Inisiatif WFH: Respons Cerdas Krisis Energi
Pemerintah mengambil langkah proaktif dengan menerapkan kebijakan WFH bagi ASN setiap Jumat, yang mulai berlaku efektif pada 1 April mendatang. Inisiatif ini digagas sebagai respons terhadap potensi krisis Bahan Bakar Minyak (BBM) yang dipicu oleh ketegangan di Timur Tengah. Dengan menginstruksikan ASN untuk bekerja dari rumah, pemerintah berharap dapat menekan konsumsi energi yang berasal dari mobilitas transportasi dan aktivitas perkantoran. Namun, kekhawatiran muncul mengenai potensi penyalahgunaan kebijakan ini, di mana ASN justru melakukan aktivitas lain yang menghabiskan energi di luar kepentingan pekerjaan.

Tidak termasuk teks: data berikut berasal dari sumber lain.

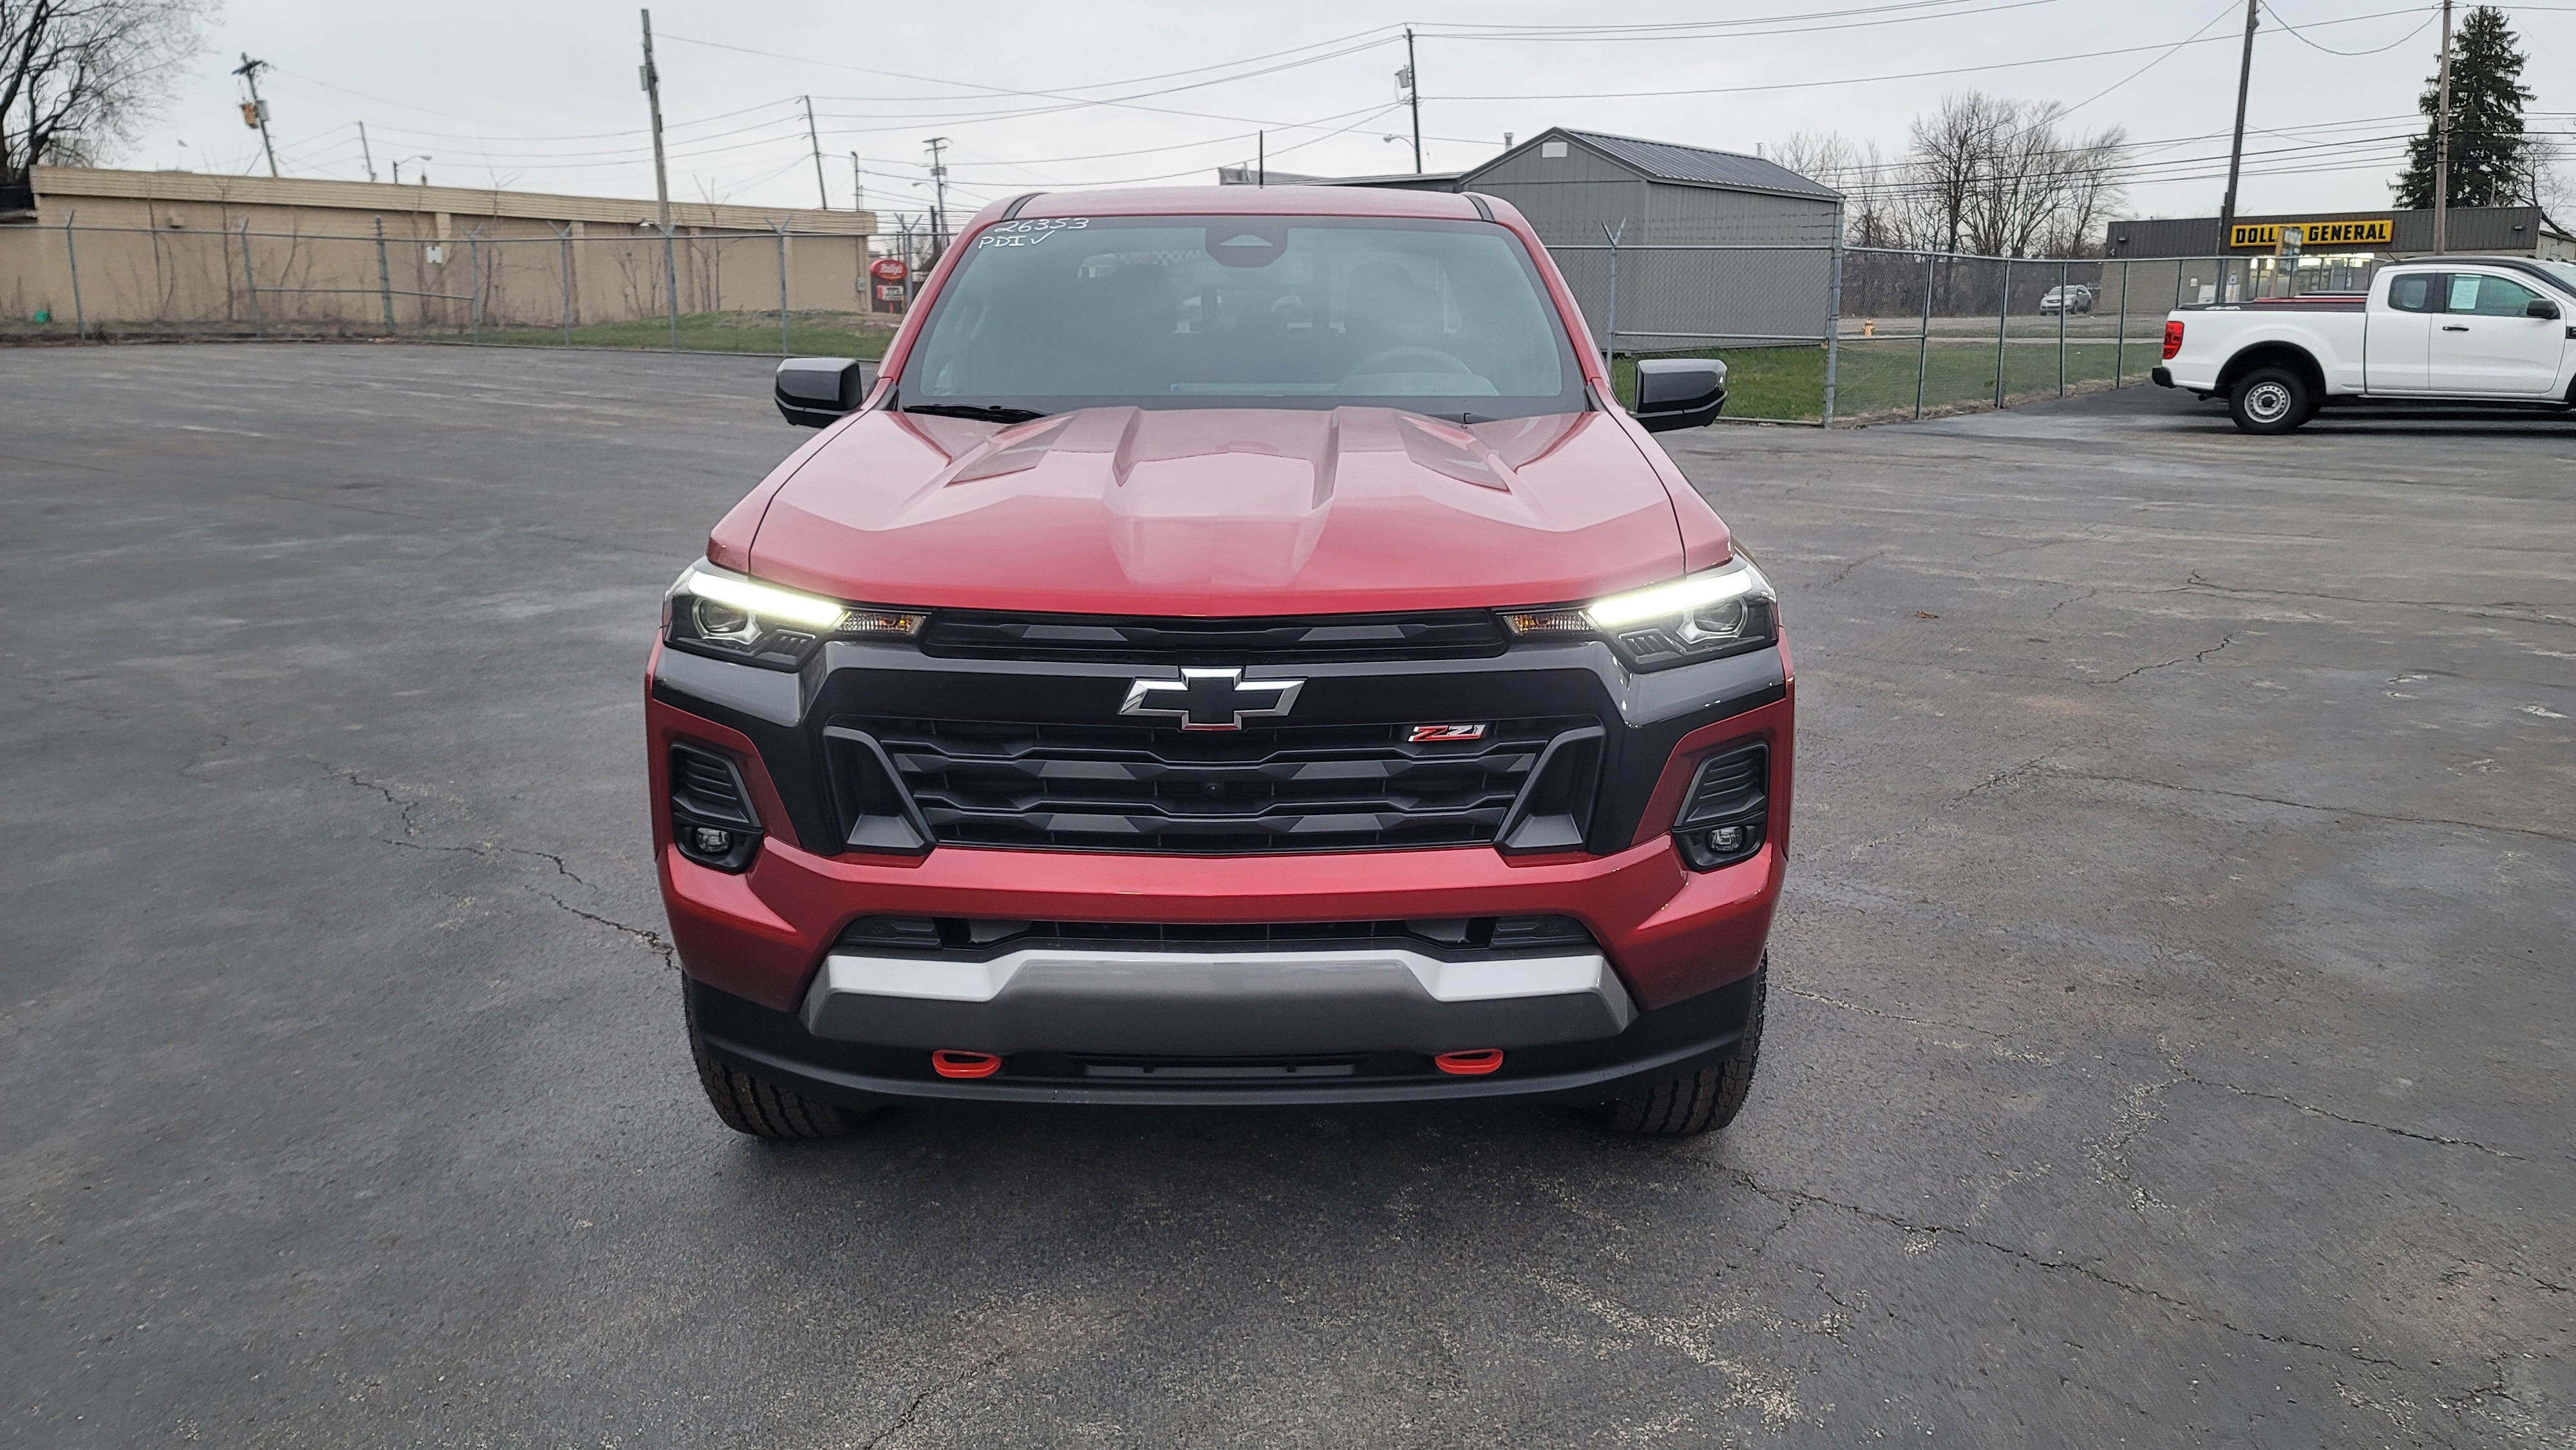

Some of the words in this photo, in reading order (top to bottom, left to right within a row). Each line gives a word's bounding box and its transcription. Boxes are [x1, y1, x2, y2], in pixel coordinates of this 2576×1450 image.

[994, 218, 1089, 232] 26353
[2235, 226, 2301, 243] DOLL
[2309, 224, 2386, 241] GENERAL

Teknologi GPS: Kunci Pemantauan Akurat
Untuk memastikan kebijakan WFH berjalan sesuai harapan dan para ASN benar-benar berada di rumah, pemerintah menyiapkan mekanisme pemantauan yang canggih. Menteri Dalam Negeri (Mendagri), Tito Karnavian, mengungkapkan bahwa pemerintah akan memanfaatkan teknologi Global Positioning System (GPS) pada telepon genggam (HP) ASN. "Untuk meyakinkan ASN itu benar-benar masing-masing WFH, dan kita meminta handphone mereka itu aktif kita dapat mengetahui lokasi melalui geo-location namanya," jelas Tito, Selasa (31/03/2026) dilansir dari Bloomberg Technoz.

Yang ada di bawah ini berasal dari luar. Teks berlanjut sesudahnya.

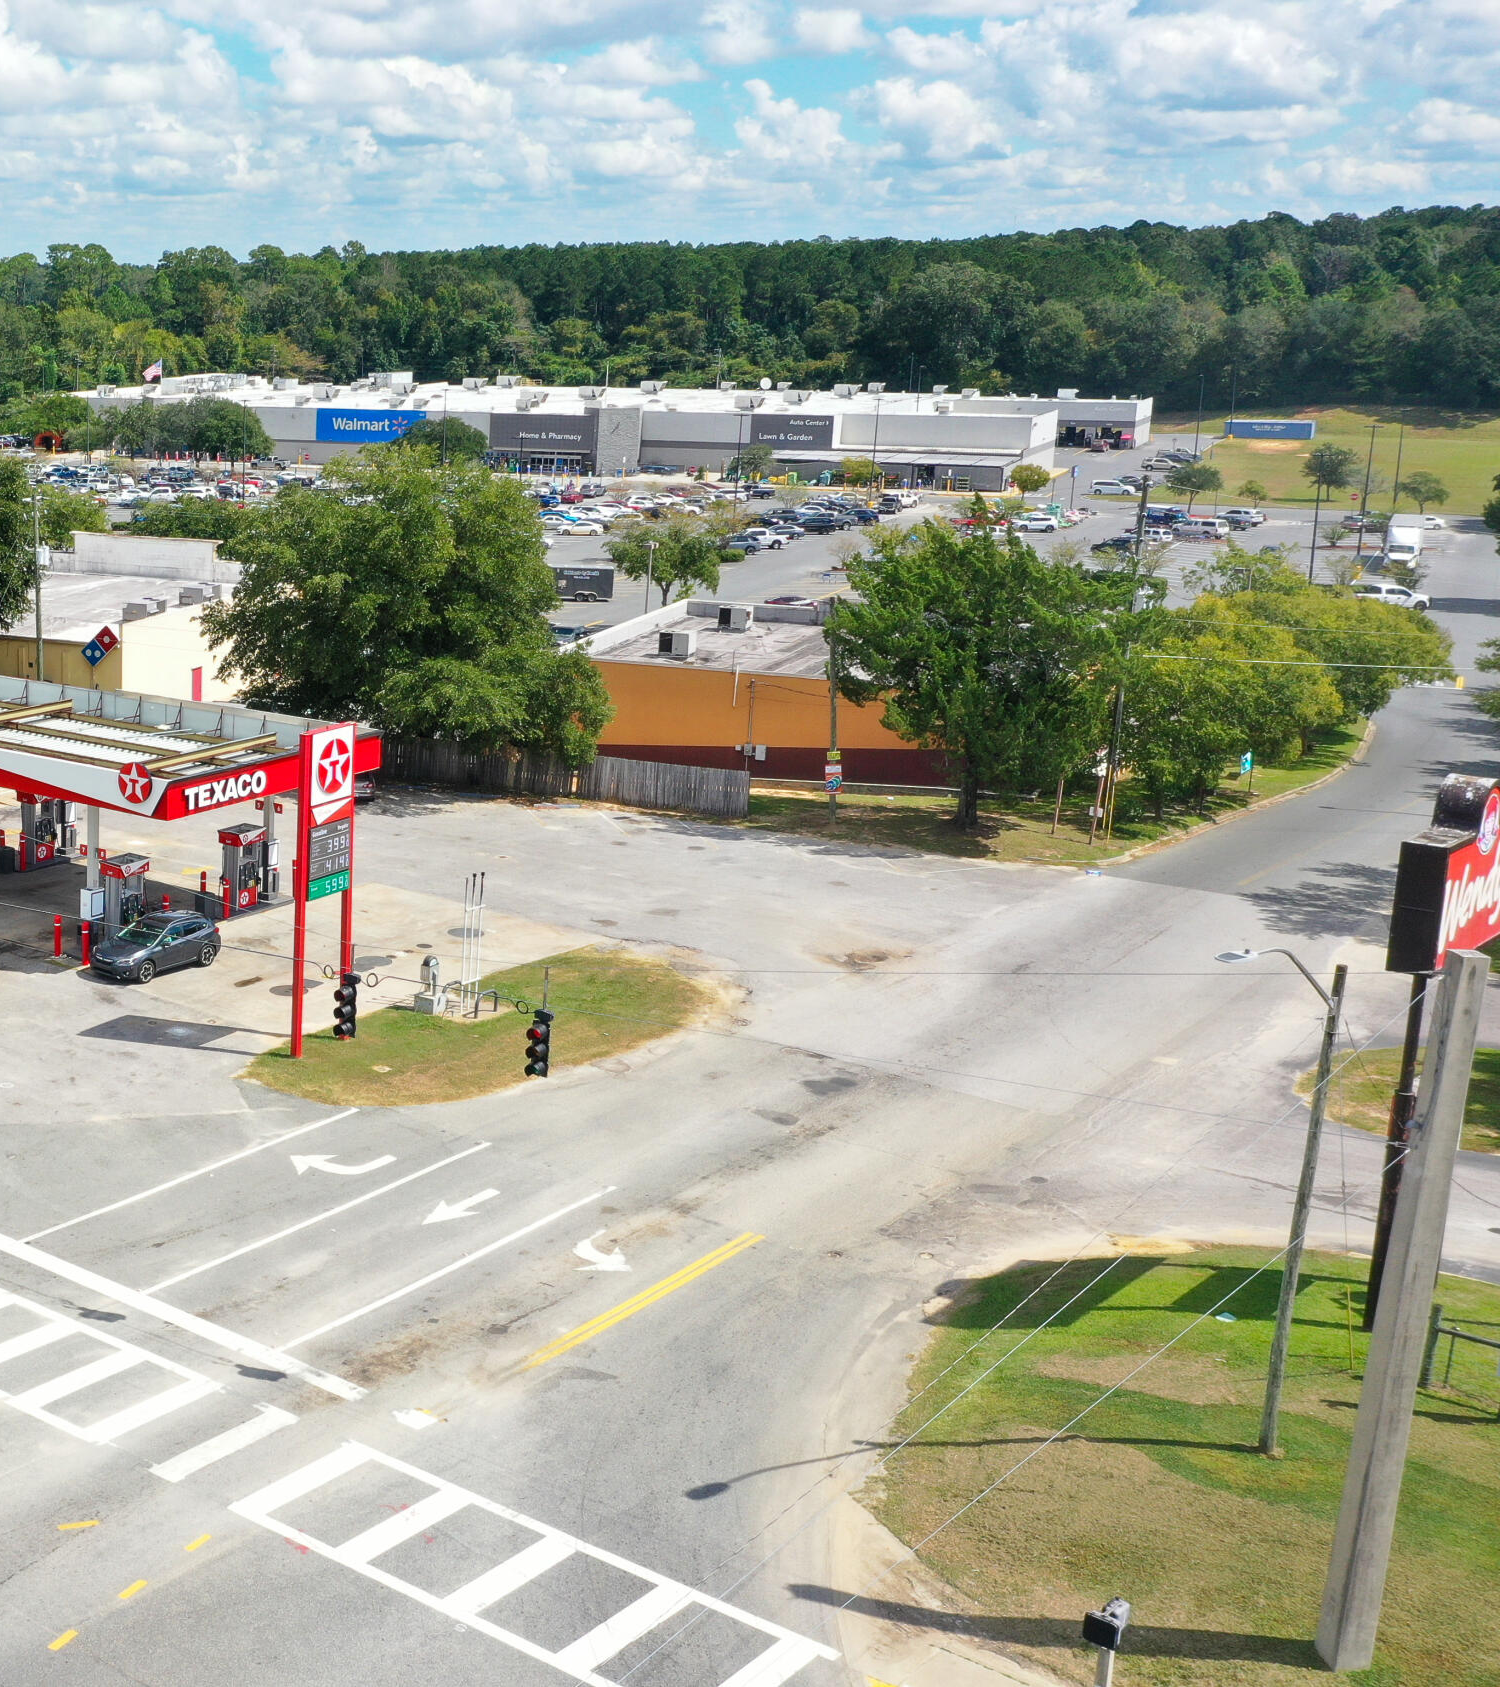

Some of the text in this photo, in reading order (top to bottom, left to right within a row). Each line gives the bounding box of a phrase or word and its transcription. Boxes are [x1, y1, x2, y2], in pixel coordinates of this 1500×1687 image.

[332, 417, 390, 431] Walmart
[519, 431, 539, 439] Home
[548, 432, 581, 442] Pharmacy
[787, 433, 813, 441] Garden
[184, 770, 267, 811] TEXACO

Metode ini bukanlah hal baru. Sistem serupa terbukti efektif saat Kemendagri menerapkan kebijakan WFH selama masa penanganan pandemi COVID-19. Pengawasan ini kini diperkuat dengan adanya Surat Edaran Nomor 800.1.5/3349/SJ tentang Transformasi Budaya Kerja ASN di Lingkungan Pemerintah Daerah. Aturan ini menegaskan bahwa pengawasan WFH bersifat mengikat dan disertai sanksi bagi ASN yang melakukan pelanggaran.

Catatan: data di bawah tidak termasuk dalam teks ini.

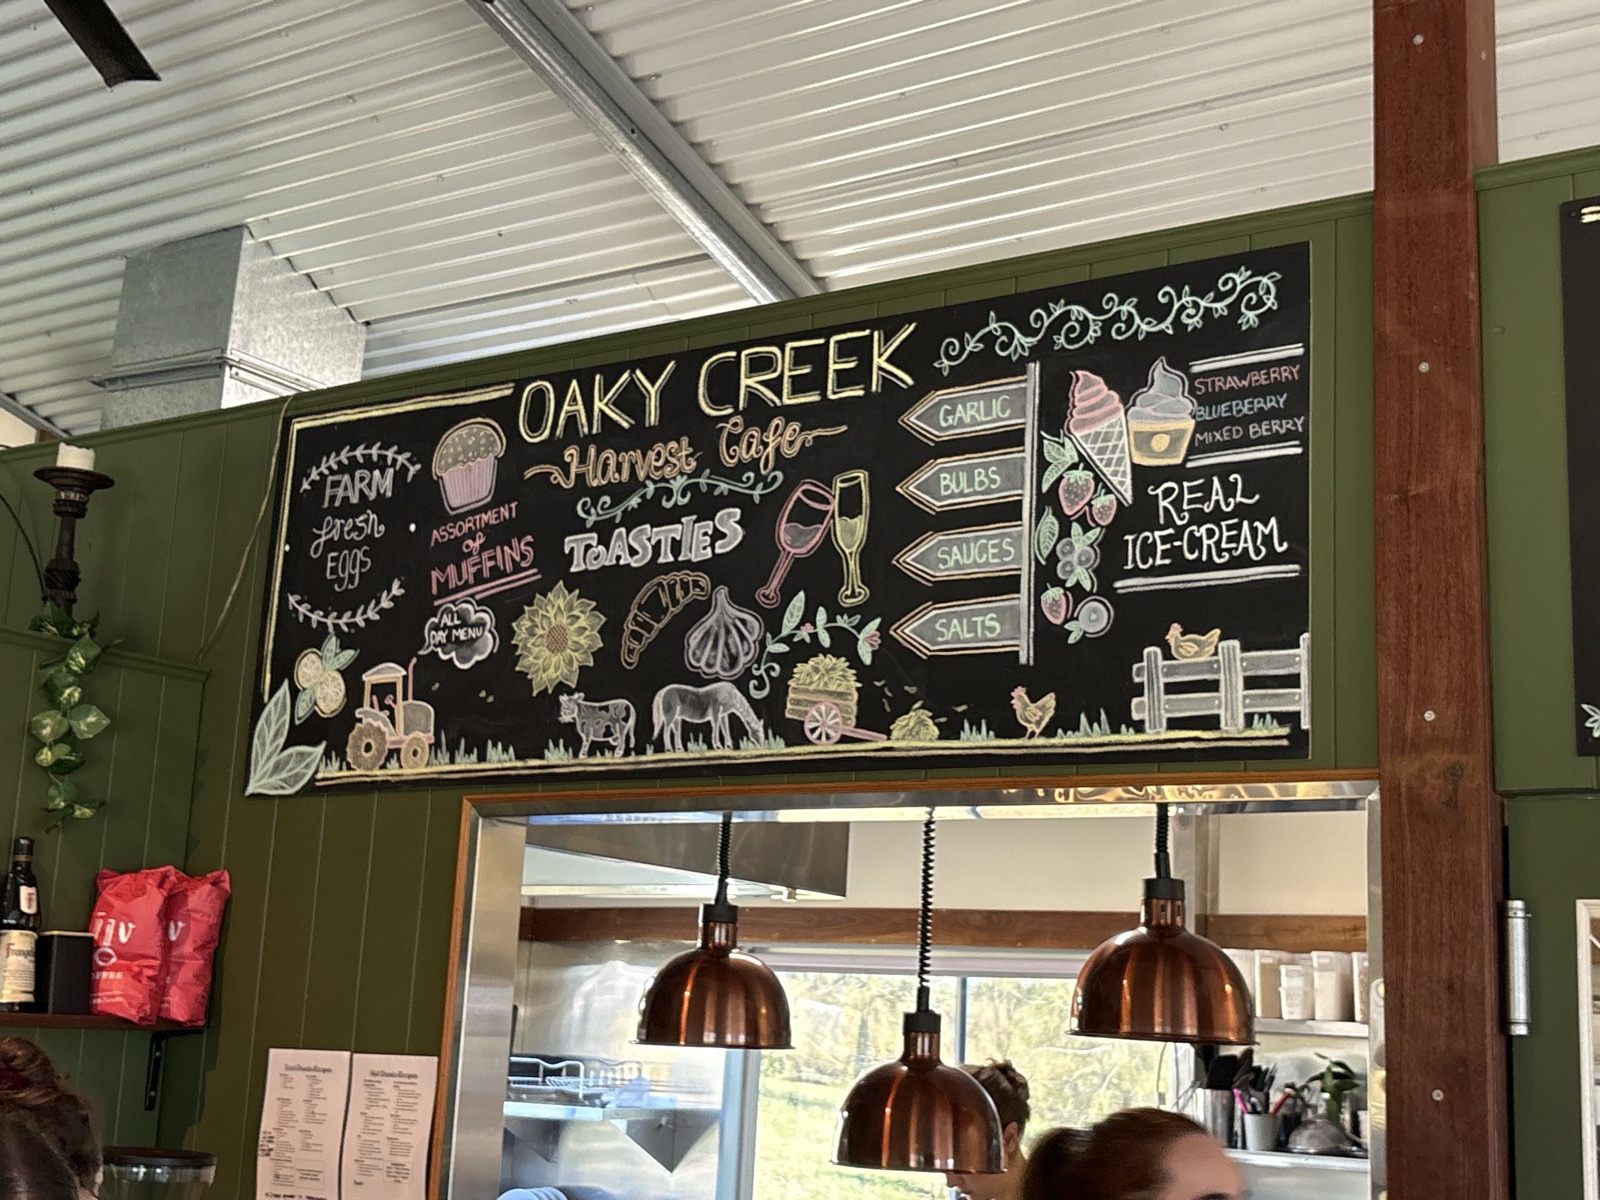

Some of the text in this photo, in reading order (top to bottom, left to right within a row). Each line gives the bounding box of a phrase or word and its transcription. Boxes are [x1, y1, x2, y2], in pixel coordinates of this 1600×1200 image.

Menteri Dalam Negeri (Mendagri), Tito Karnavian. (Dok. Biro Pers)
Sanksi Tegas Menanti Pelanggar
Pemerintah tidak main-main dalam menegakkan aturan WFH. Tito Karnavian memastikan bahwa ASN yang memposisikan HP mereka dalam kondisi mati atau senyap selama menjalani WFH akan menerima sanksi. "Wajib merespons panggilan/pesan dalam kurun waktu kurang dari lima menit," tegas Tito, menggarisbawahi pentingnya responsivitas ASN selama jam kerja, meskipun sedang WFH.